== Data for this task ==

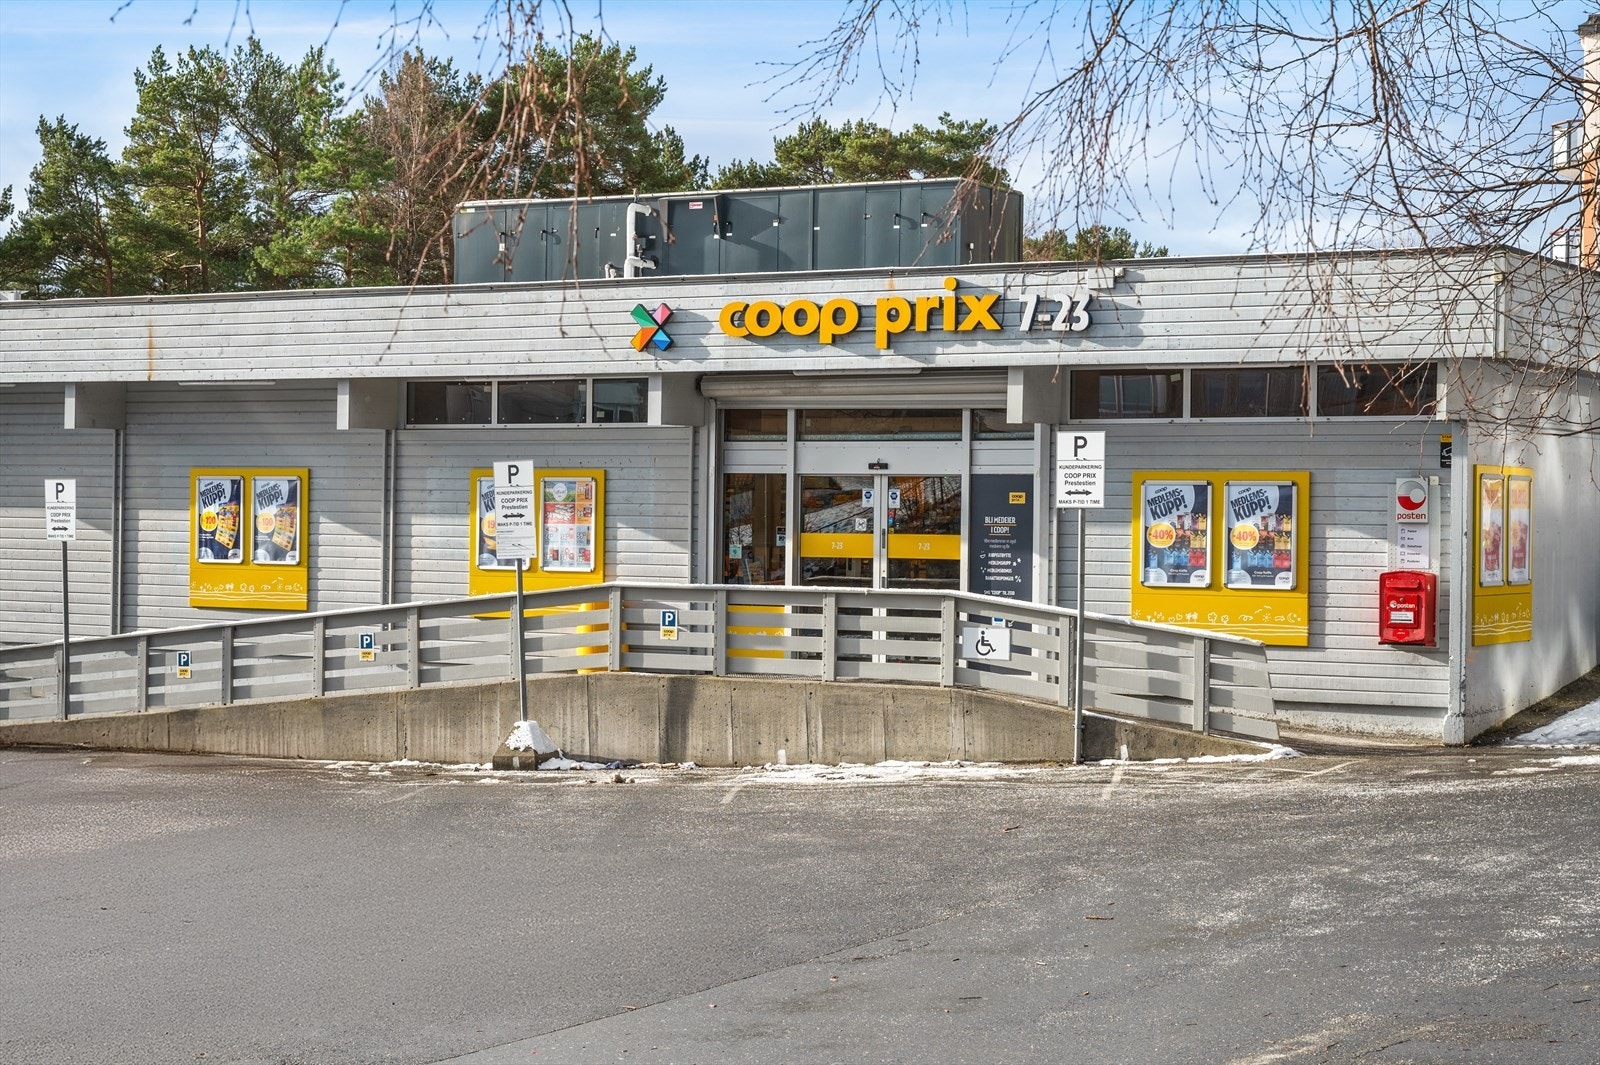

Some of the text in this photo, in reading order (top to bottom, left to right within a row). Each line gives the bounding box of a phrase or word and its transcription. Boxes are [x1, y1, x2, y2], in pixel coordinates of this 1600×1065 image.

[719, 277, 1092, 350] coop prix 7-23
[1074, 435, 1088, 457] P
[507, 464, 520, 484] P
[56, 482, 65, 500] P
[202, 488, 227, 509] KUPP!
[258, 489, 284, 510] KUPP!
[1146, 488, 1182, 508] MEDLEMS-
[1230, 488, 1267, 510] MEDLEMS-
[1150, 495, 1188, 521] KUPP!
[1232, 496, 1272, 522] KUPP!
[1397, 512, 1427, 521] posten
[994, 526, 1010, 534] COOP!
[1150, 529, 1174, 540] -40%
[1232, 530, 1257, 542] -40%
[831, 542, 844, 550] 7-23
[918, 542, 931, 551] 7-23
[665, 612, 674, 626] P
[363, 636, 370, 648] P
[180, 654, 188, 666] P
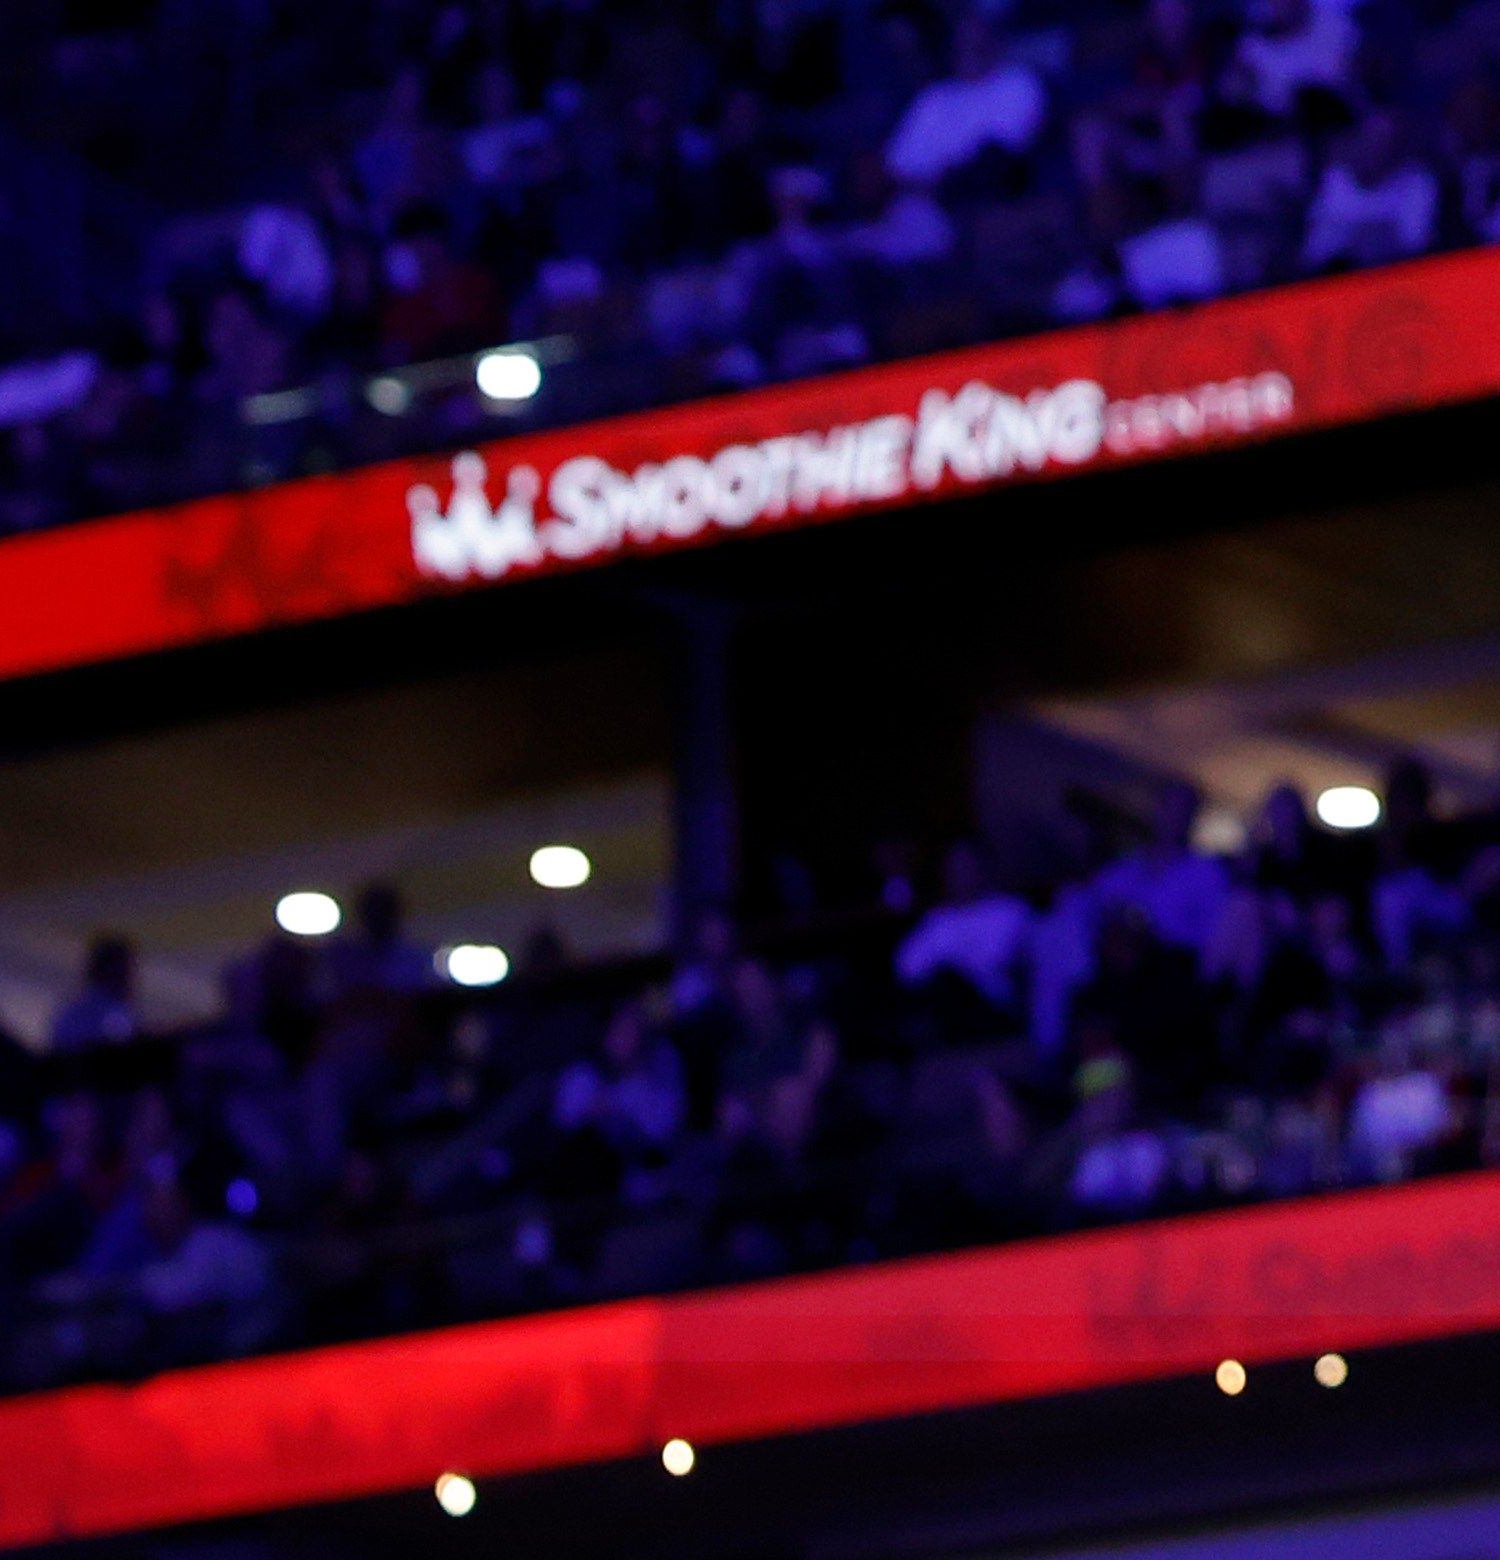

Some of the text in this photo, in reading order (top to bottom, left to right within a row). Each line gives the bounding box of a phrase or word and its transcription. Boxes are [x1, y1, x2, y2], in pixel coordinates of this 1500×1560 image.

[541, 371, 1296, 559] SMOOTHIE KING CENTER

== Work instruction ==
From the line that contains "this 1500×1560 image." to the last line of the data, write out each line exactly and add nothing.

== Answer to this exercise ==
Some of the text in this photo, in reading order (top to bottom, left to right within a row). Each line gives the bounding box of a phrase or word and its transcription. Boxes are [x1, y1, x2, y2], in pixel coordinates of this 1500×1560 image.

[541, 371, 1296, 559] SMOOTHIE KING CENTER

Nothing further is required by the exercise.